### PROBLEM DETAILS
Go through the data below and repeat it exactly, skipping each picture.

### RECORDS FOR THE EXERCISE
--- START ---

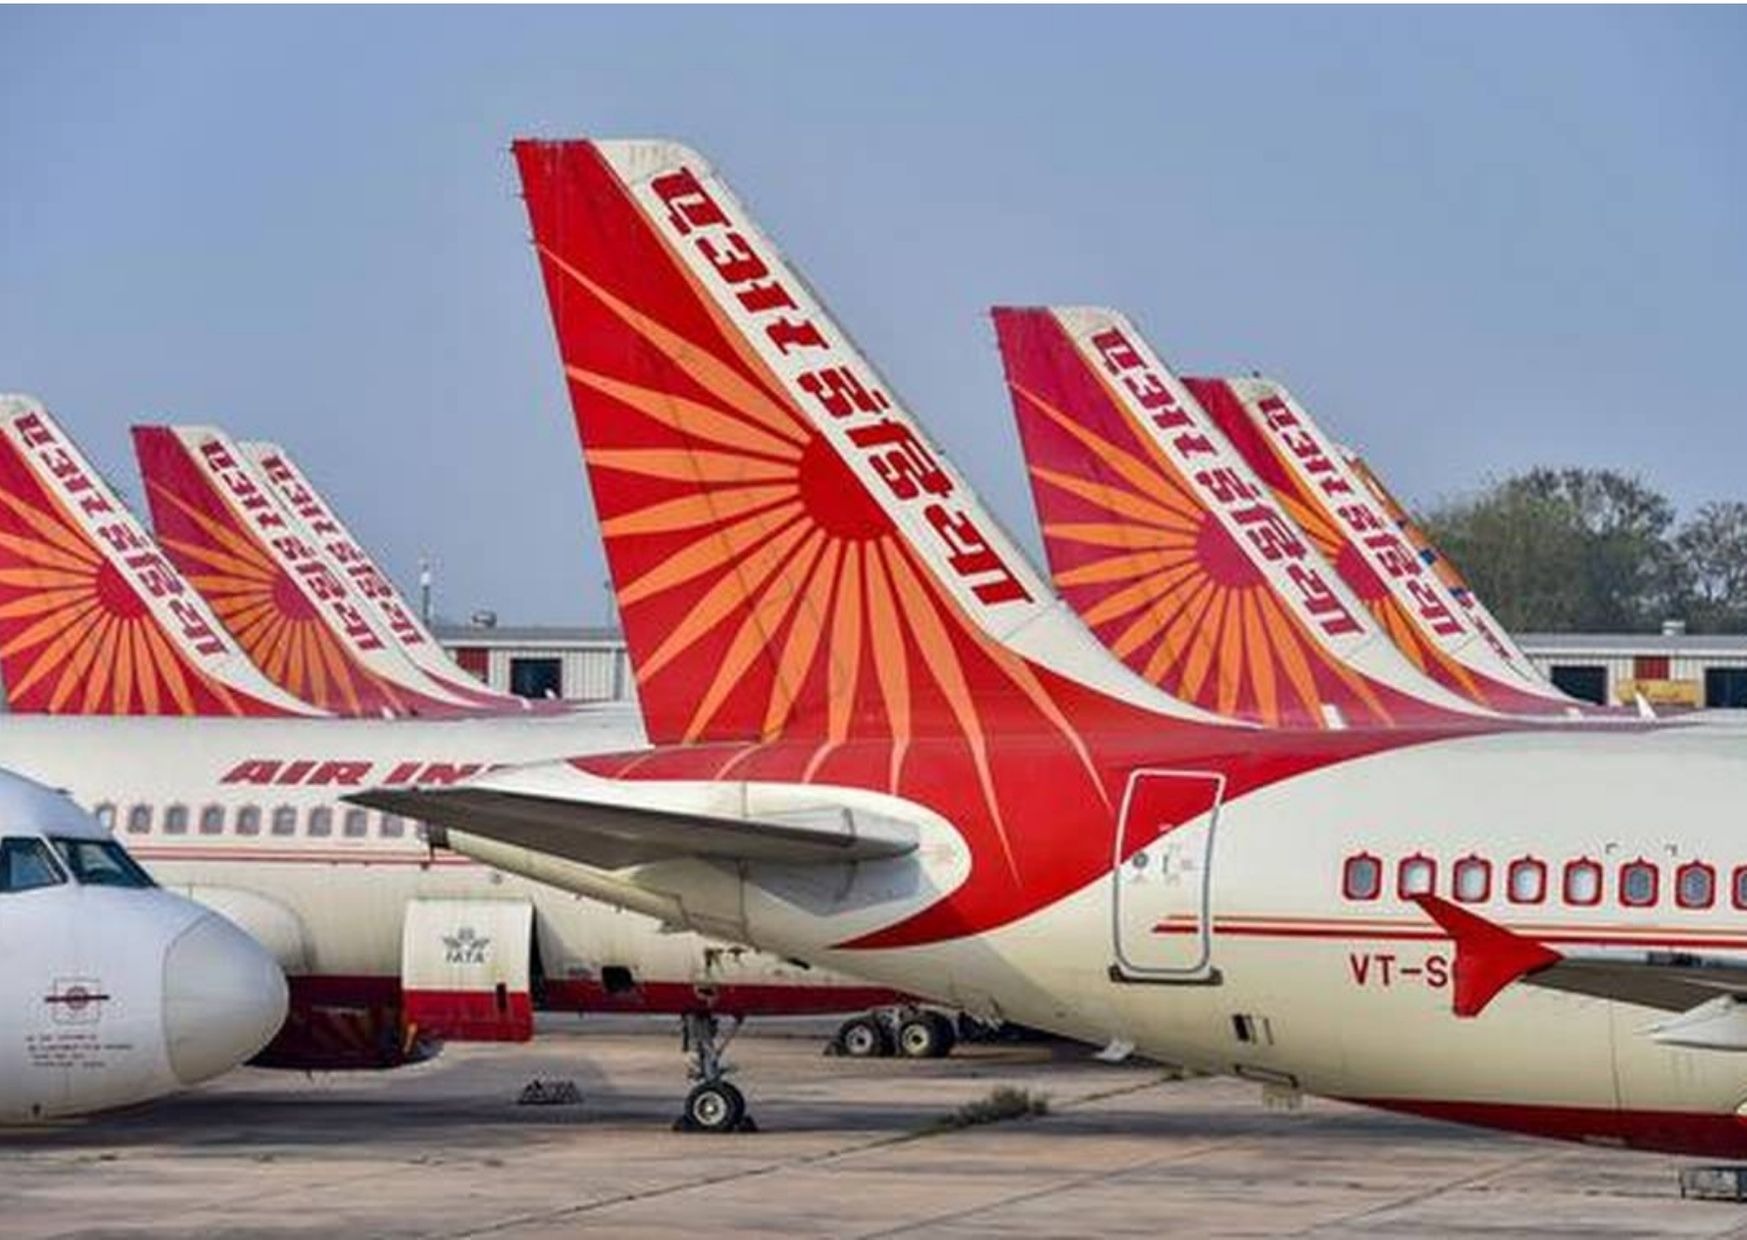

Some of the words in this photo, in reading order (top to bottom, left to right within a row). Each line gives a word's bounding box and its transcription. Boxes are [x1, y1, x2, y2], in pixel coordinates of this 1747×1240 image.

[220, 761, 374, 785] AIR
[381, 763, 517, 785] IN
[446, 951, 484, 963] IATA
[1350, 953, 1456, 988] VT-S
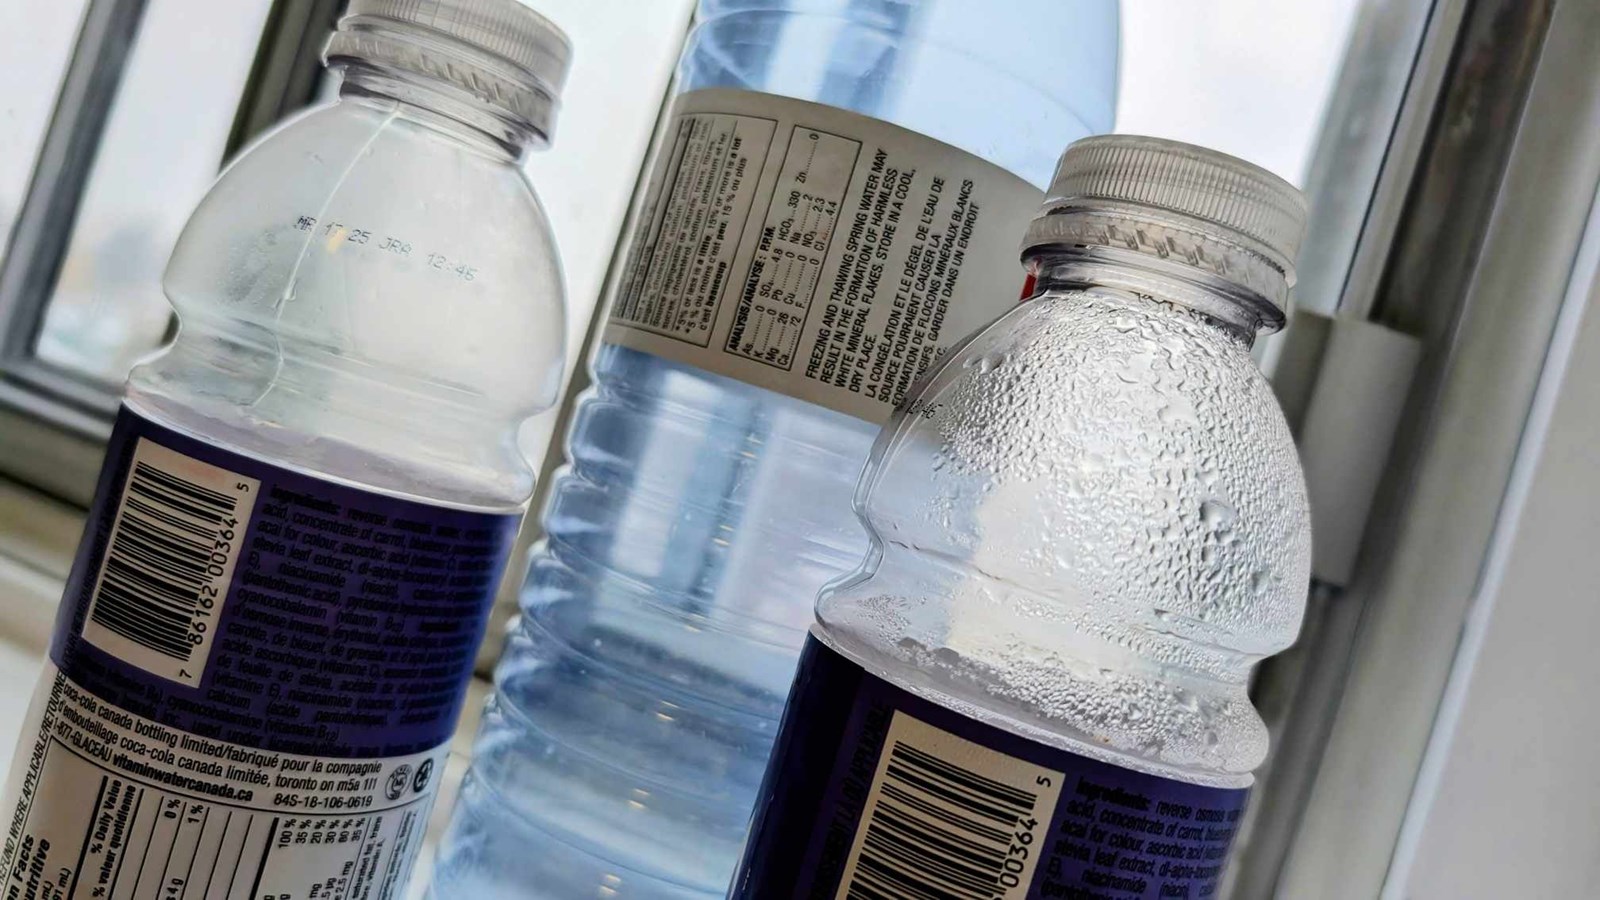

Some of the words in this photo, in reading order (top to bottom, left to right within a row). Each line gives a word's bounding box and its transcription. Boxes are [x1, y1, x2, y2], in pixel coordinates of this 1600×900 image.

--- END ---

### REPLY TO THE TASK
Some of the words in this photo, in reading order (top to bottom, left to right within a row). Each line gives a word's bounding box and its transcription. Boxes are [x1, y1, x2, y2], in pixel coordinates of this 1747×1240 image.

[220, 761, 374, 785] AIR
[381, 763, 517, 785] IN
[446, 951, 484, 963] IATA
[1350, 953, 1456, 988] VT-S

Some of the words in this photo, in reading order (top to bottom, left to right within a row). Each line gives a word's bounding box and its transcription. Boxes are [x1, y1, x2, y2], in pixel coordinates of this 1600×900 image.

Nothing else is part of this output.